Nuclear GSK-3β inhibits the canonical Wnt signalling pathway in a β-catenin phosphorylation-independent manner

beta-Catenin is the central signalling molecule of the canonical Wnt pathway, where it activates target genes in a complex with lymphoid enhancer factor/T-cell factor transcription factors in the nucleus. The regulation of beta-catenin activity is thought to occur via a cytoplasmatic multiprotein complex that includes the serine/threonine kinase glycogen synthase kinase-3 beta (GSK-3 beta) that phosphorylates beta-catenin, marking it for degradation by the proteasome. Here, we provide evidence showing that GSK-3 beta has a nuclear function in downregulating the activity of beta-catenin.
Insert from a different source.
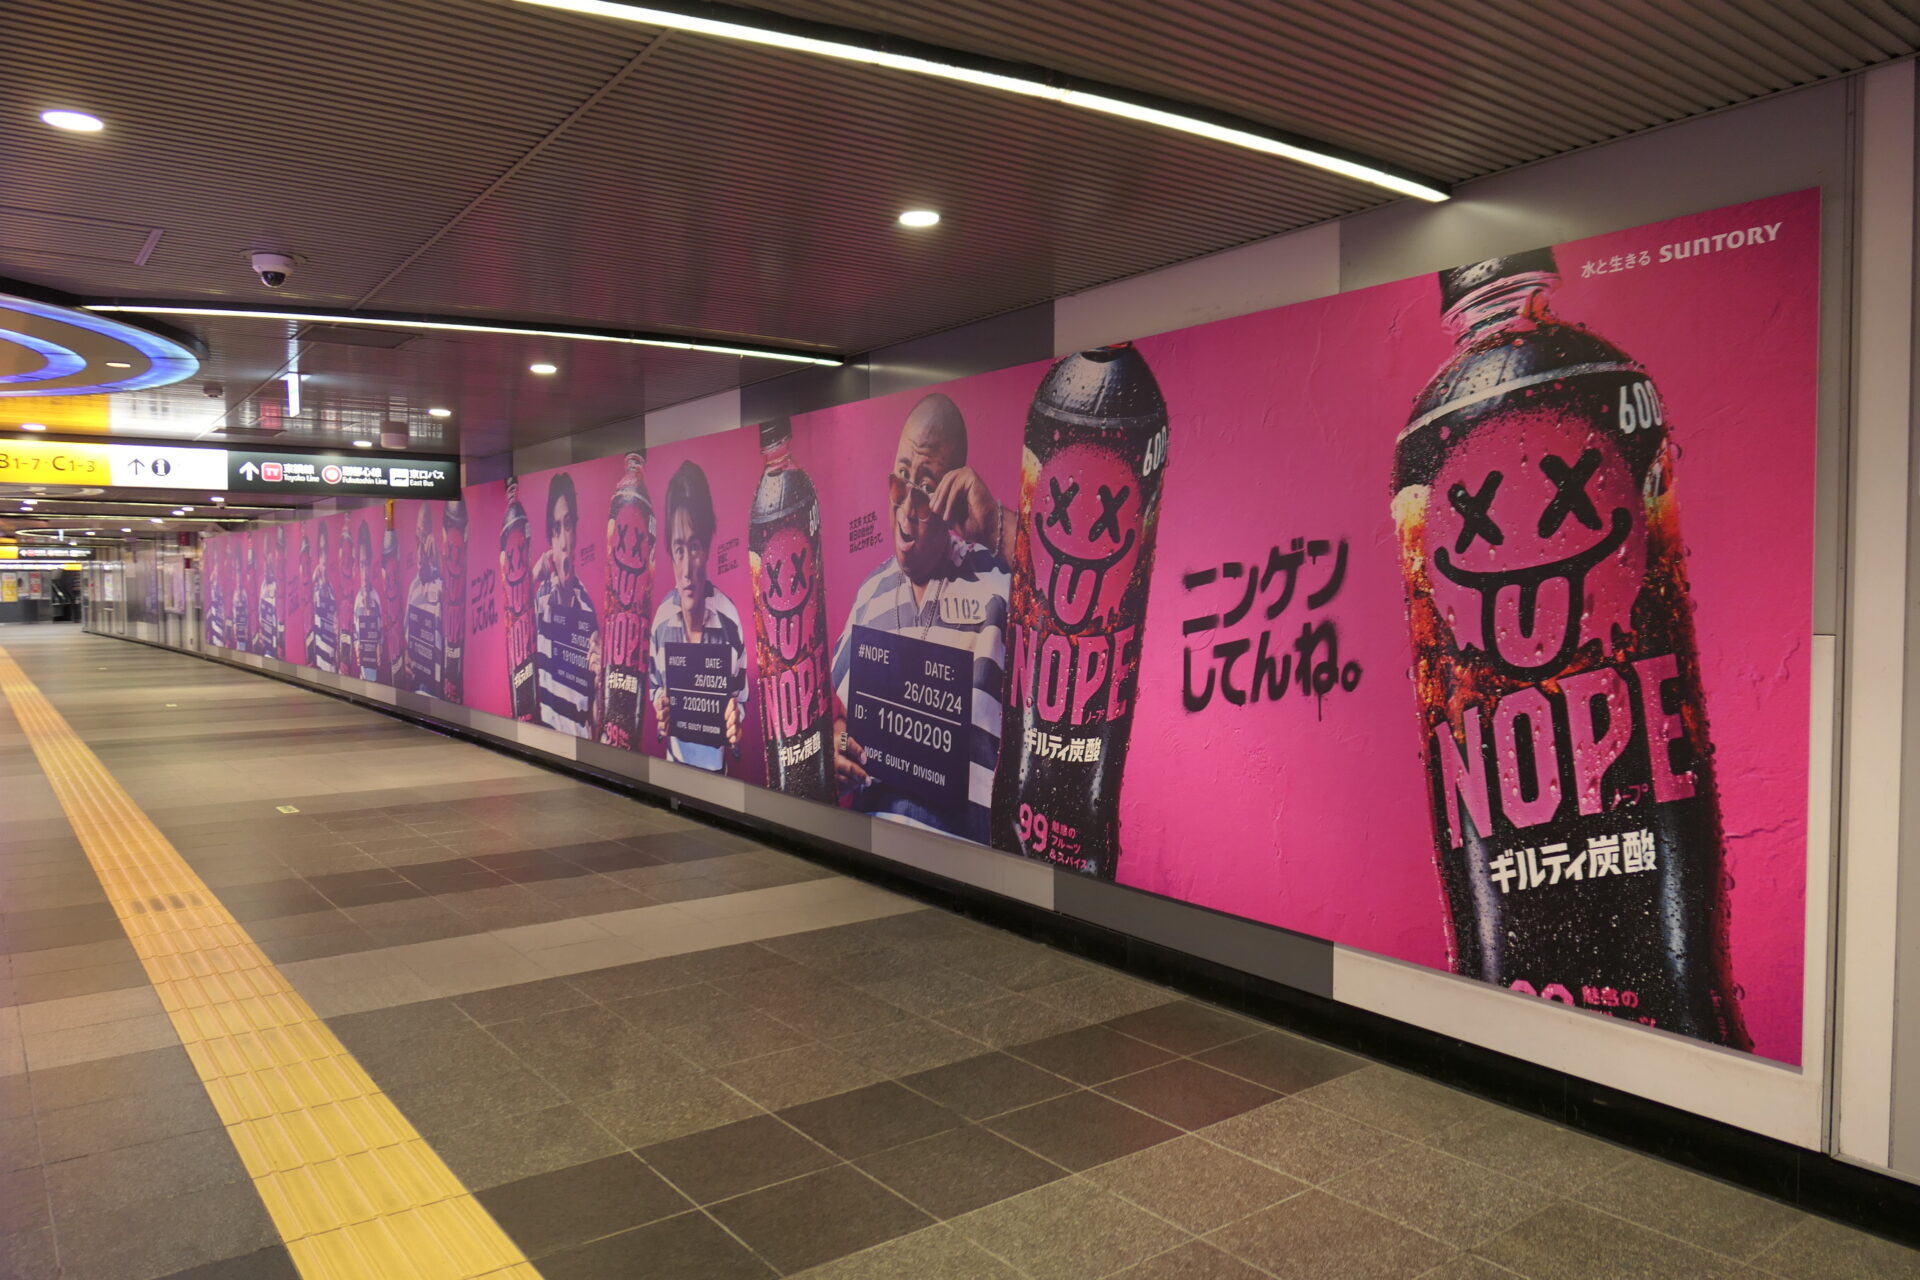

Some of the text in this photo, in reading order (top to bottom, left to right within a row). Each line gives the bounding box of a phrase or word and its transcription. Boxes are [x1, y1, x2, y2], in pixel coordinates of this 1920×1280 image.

Using colorectal cell lines that express a mutant form of beta-catenin, which cannot be phosphorylated by GSK-3 beta and ectopically expressed mutant beta-catenin protein, we show that nuclear GSK-3 beta functions in a mechanism that does not involve beta-catenin phosphorylation to reduce the levels of Wnt signalling. We show that GSK-3 beta enters the nucleus, forms a complex with beta-catenin and lowers the levels of beta-catenin/TCFdependent transcription in a mechanism that involves GSK-3 beta-Axin binding.